##### Entries supplied

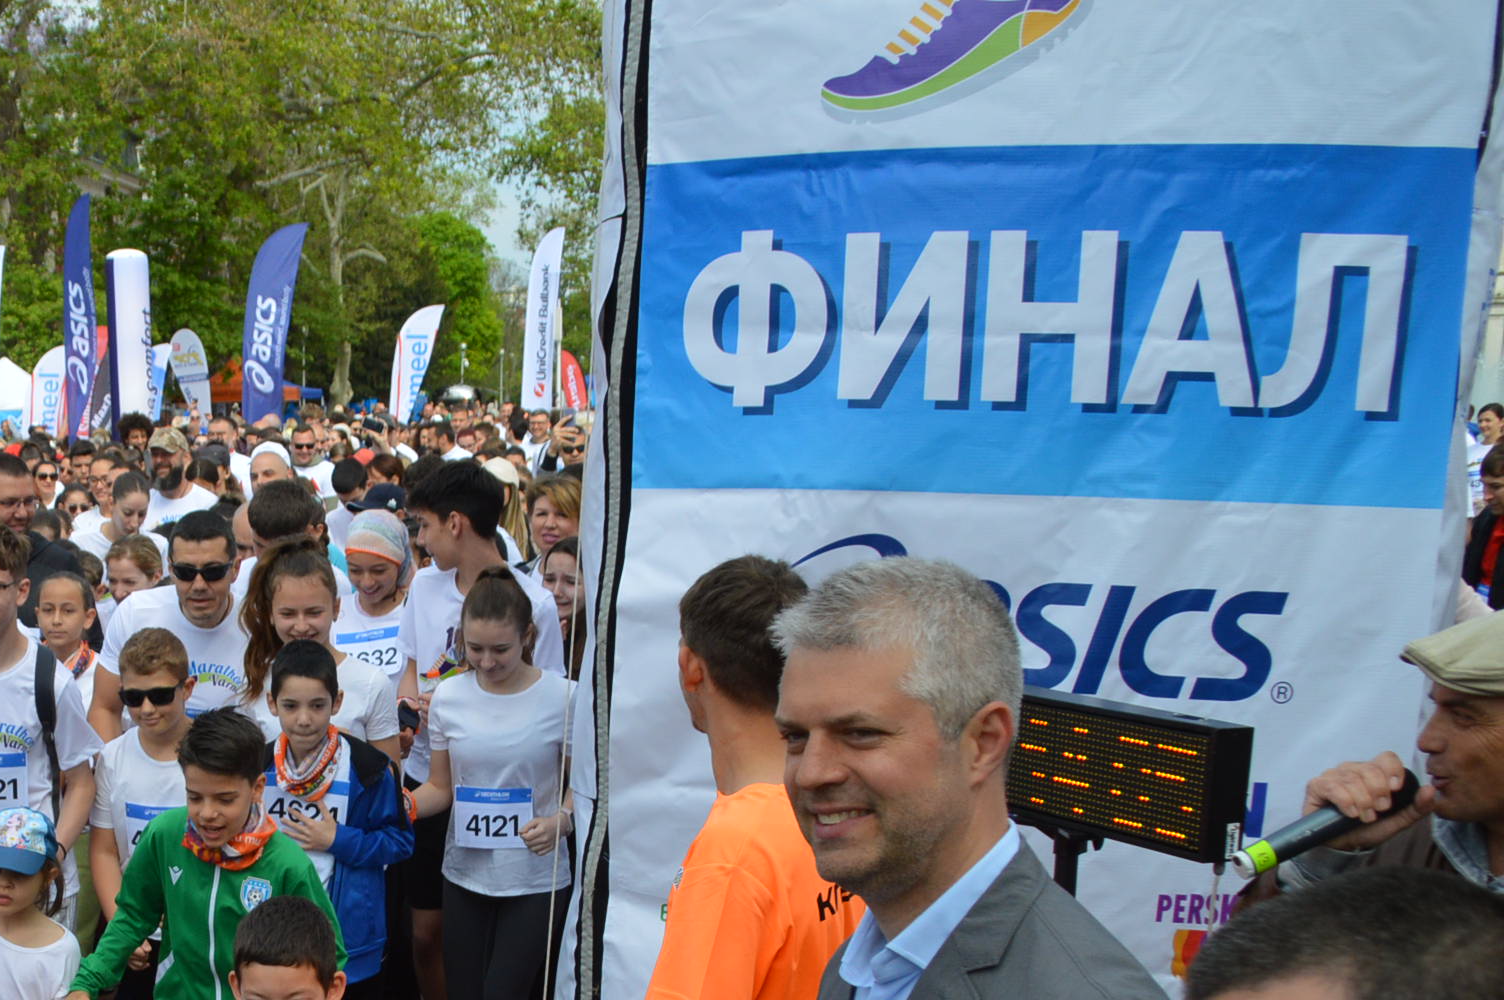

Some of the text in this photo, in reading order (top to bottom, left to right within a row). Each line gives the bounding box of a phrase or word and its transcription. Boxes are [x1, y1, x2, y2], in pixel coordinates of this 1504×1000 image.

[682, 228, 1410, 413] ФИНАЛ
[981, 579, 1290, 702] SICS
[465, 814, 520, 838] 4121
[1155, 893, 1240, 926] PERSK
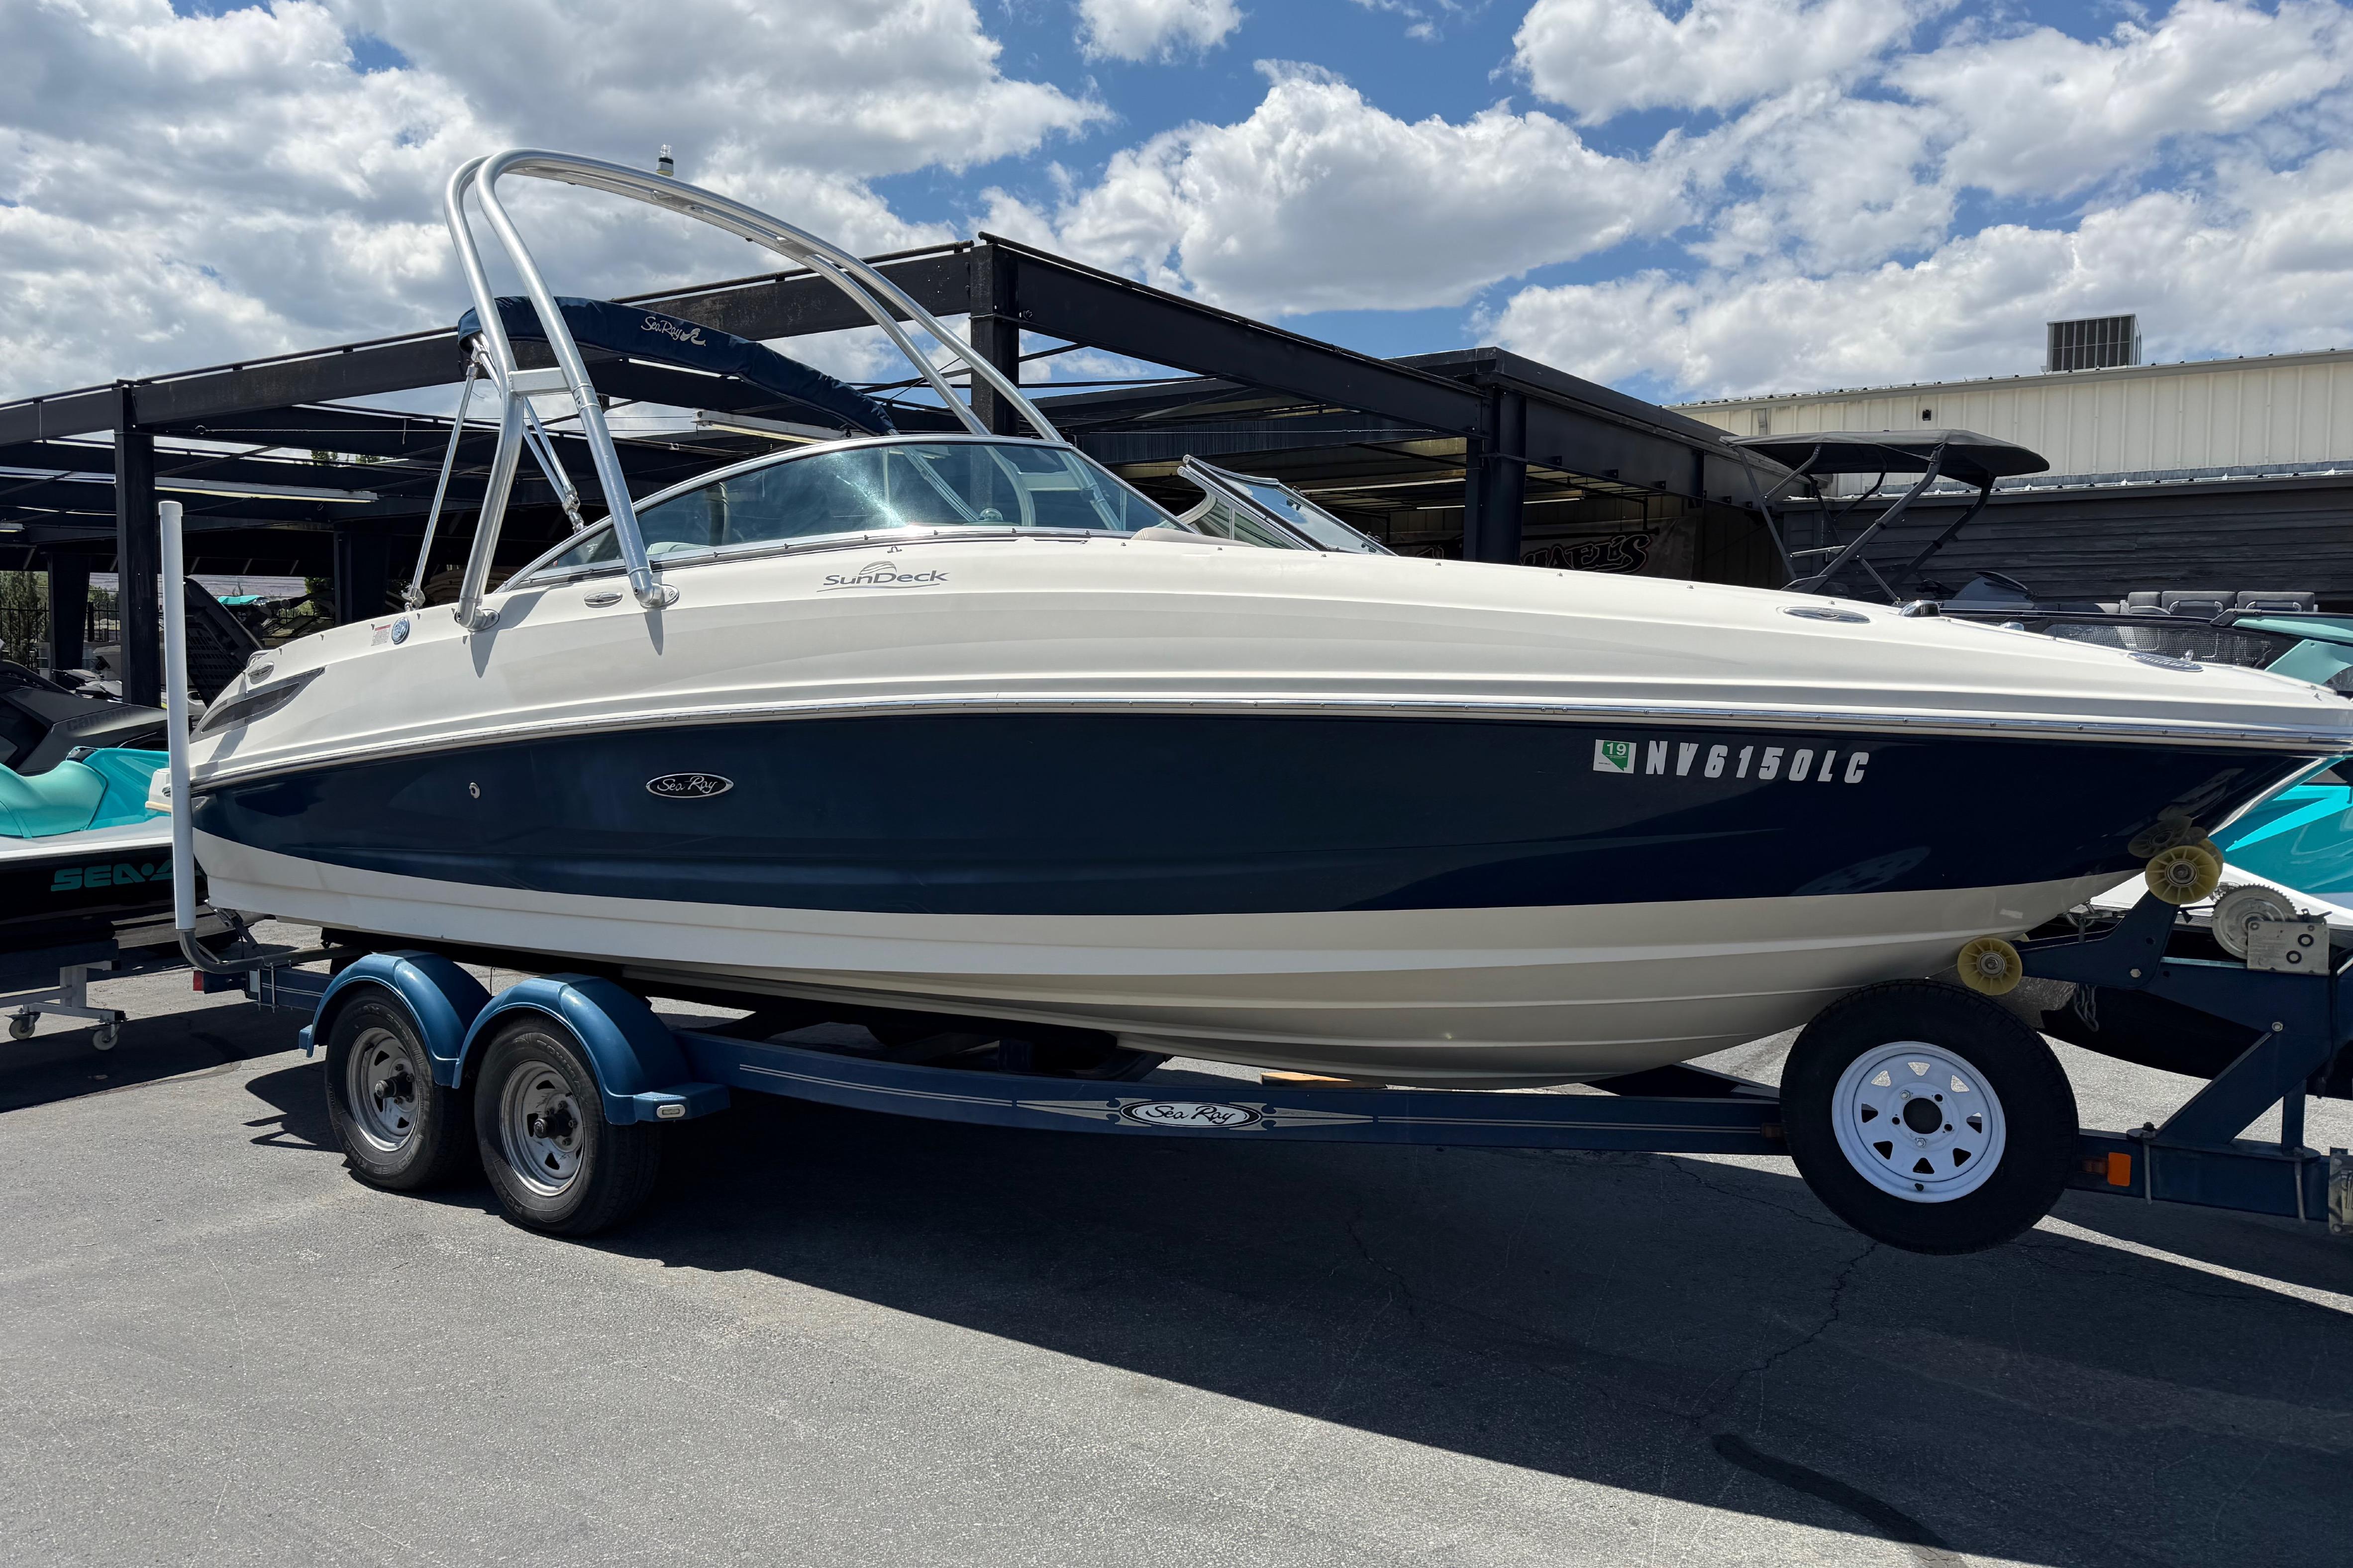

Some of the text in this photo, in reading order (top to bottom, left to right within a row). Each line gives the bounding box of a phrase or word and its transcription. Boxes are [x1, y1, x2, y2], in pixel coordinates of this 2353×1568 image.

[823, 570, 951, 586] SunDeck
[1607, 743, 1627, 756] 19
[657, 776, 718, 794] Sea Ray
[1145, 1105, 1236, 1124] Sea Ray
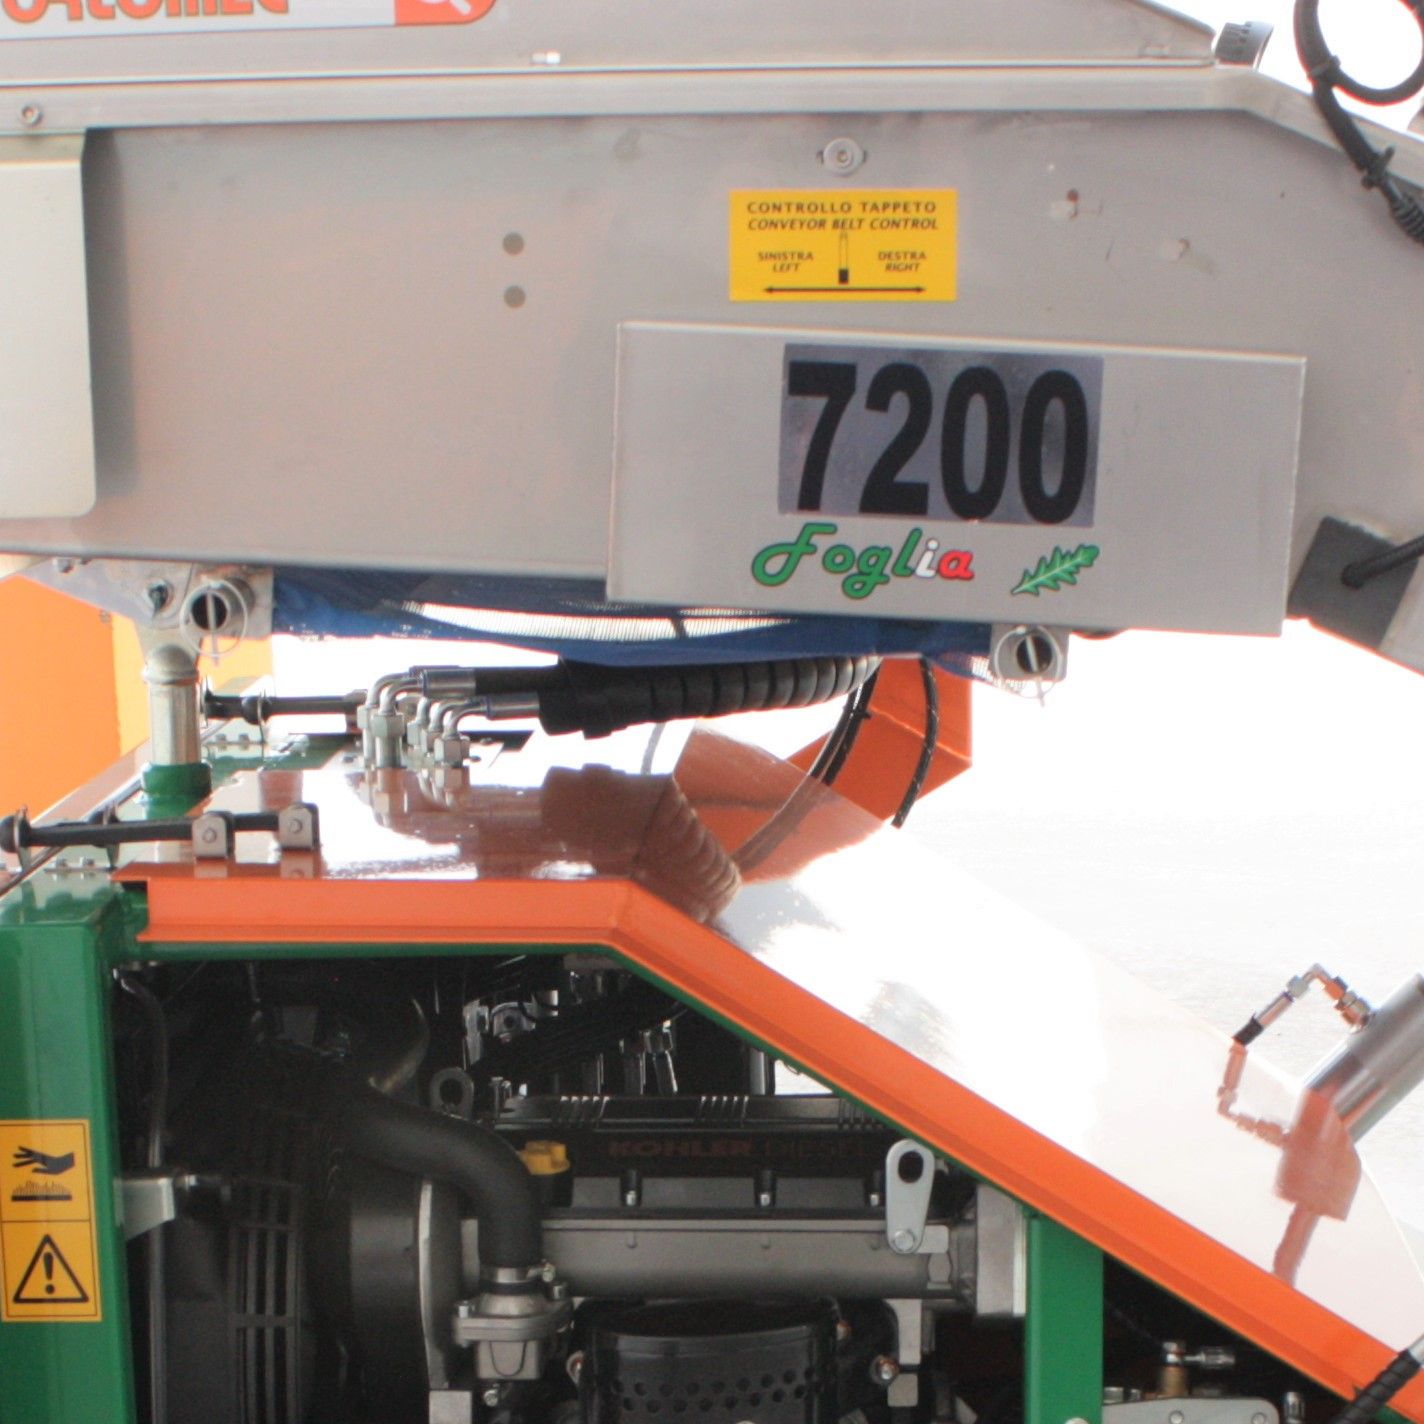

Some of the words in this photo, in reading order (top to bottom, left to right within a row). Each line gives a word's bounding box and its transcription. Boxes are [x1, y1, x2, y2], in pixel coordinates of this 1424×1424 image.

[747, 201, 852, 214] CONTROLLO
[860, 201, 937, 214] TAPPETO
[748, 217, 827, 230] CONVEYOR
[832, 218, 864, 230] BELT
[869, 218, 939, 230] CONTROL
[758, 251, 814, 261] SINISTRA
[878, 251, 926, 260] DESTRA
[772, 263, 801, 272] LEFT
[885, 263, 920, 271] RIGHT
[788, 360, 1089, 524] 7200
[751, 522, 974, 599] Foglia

##########

▶ [What to produce]
Word for word, return the lines from the one holding "Some of the words" through the end of the entries above.

▶ [Output of the task]
Some of the words in this photo, in reading order (top to bottom, left to right within a row). Each line gives a word's bounding box and its transcription. Boxes are [x1, y1, x2, y2], in pixel coordinates of this 1424×1424 image.

[747, 201, 852, 214] CONTROLLO
[860, 201, 937, 214] TAPPETO
[748, 217, 827, 230] CONVEYOR
[832, 218, 864, 230] BELT
[869, 218, 939, 230] CONTROL
[758, 251, 814, 261] SINISTRA
[878, 251, 926, 260] DESTRA
[772, 263, 801, 272] LEFT
[885, 263, 920, 271] RIGHT
[788, 360, 1089, 524] 7200
[751, 522, 974, 599] Foglia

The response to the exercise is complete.